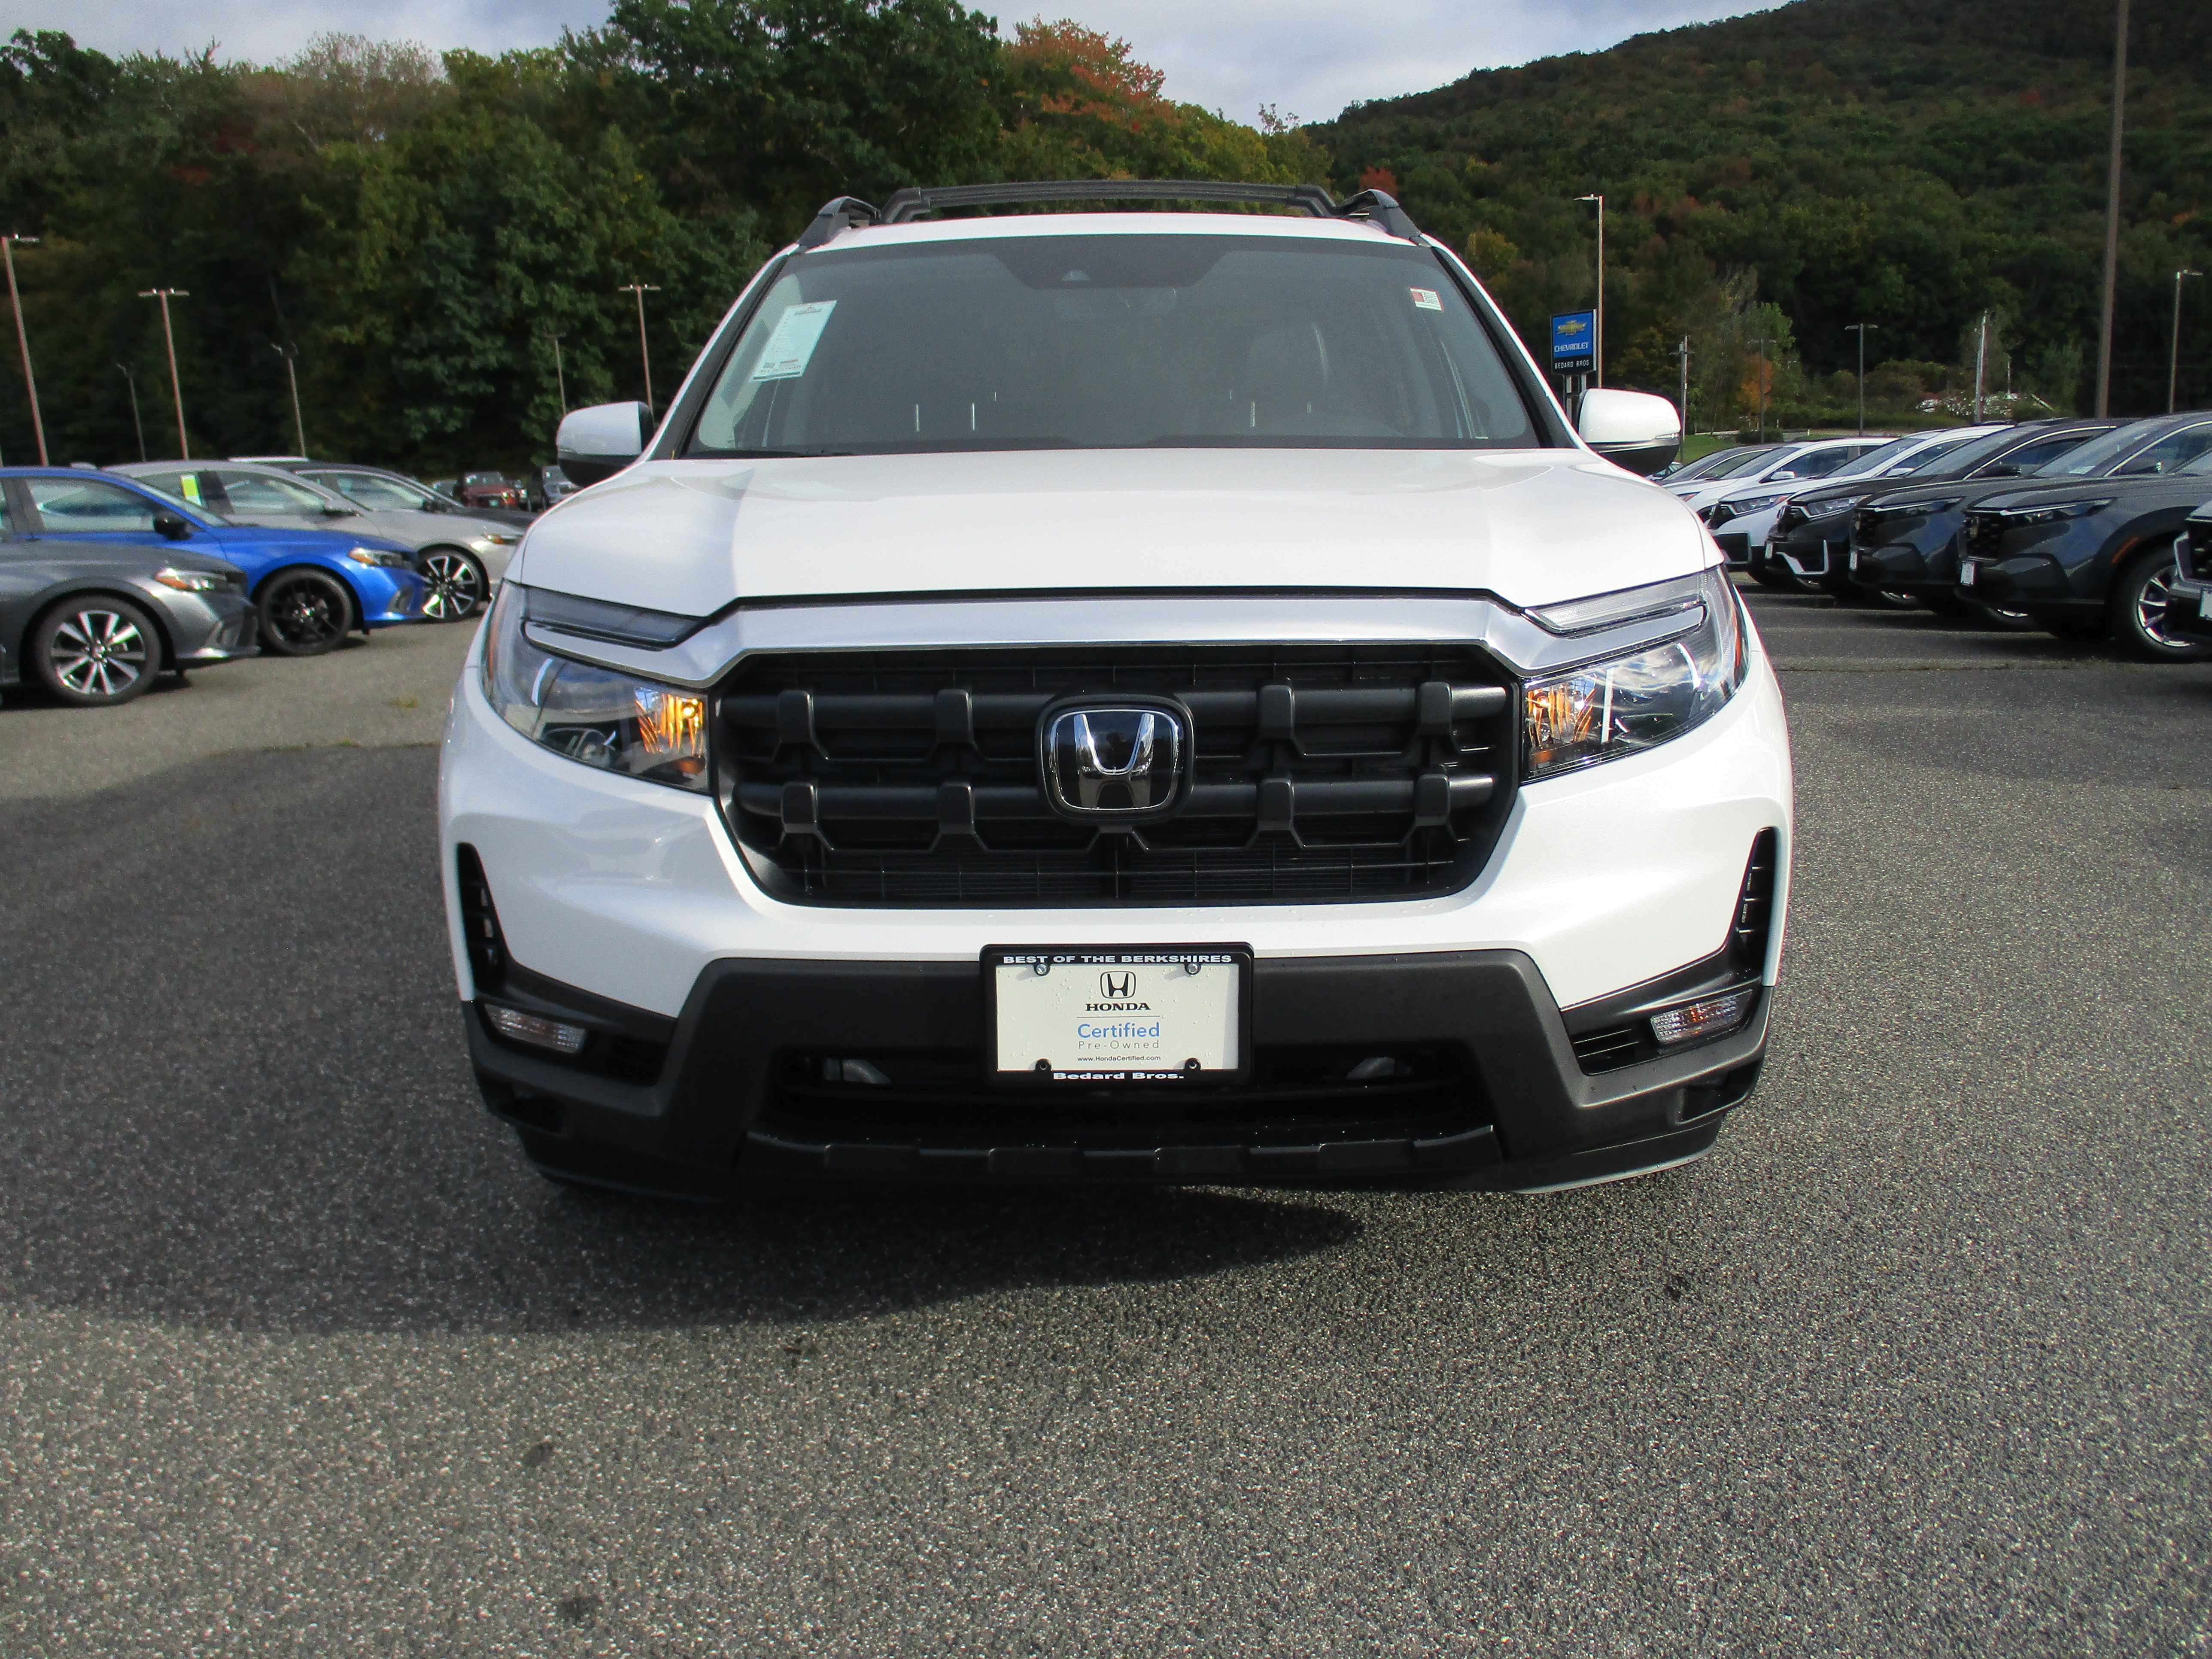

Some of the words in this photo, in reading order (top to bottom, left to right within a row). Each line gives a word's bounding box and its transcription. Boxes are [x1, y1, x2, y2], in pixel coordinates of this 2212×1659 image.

[1554, 342, 1589, 352] CHEVROLET
[1085, 1003, 1152, 1011] HONDA
[1078, 1022, 1160, 1038] Certified
[1079, 1039, 1159, 1049] Pre-Owned

#### [YOUR OBJECTIVE]
Apart from the pictures, repeat every entry exactly.

#### [RESPONSE BELOW]
Some of the words in this photo, in reading order (top to bottom, left to right within a row). Each line gives a word's bounding box and its transcription. Boxes are [x1, y1, x2, y2], in pixel coordinates of this 2212×1659 image.

[1554, 342, 1589, 352] CHEVROLET
[1085, 1003, 1152, 1011] HONDA
[1078, 1022, 1160, 1038] Certified
[1079, 1039, 1159, 1049] Pre-Owned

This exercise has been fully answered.